:: THE DATA ::
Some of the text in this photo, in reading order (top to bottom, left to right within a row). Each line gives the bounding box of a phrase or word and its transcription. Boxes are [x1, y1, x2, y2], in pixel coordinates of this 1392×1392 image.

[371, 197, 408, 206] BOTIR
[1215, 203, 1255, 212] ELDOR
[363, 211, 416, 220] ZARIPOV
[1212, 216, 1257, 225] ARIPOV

:: WHAT IS BEING ASKED ::
An exact copy of the listing is what's needed here.

:: ANSWER TO THIS PROBLEM ::
Some of the text in this photo, in reading order (top to bottom, left to right within a row). Each line gives the bounding box of a phrase or word and its transcription. Boxes are [x1, y1, x2, y2], in pixel coordinates of this 1392×1392 image.

[371, 197, 408, 206] BOTIR
[1215, 203, 1255, 212] ELDOR
[363, 211, 416, 220] ZARIPOV
[1212, 216, 1257, 225] ARIPOV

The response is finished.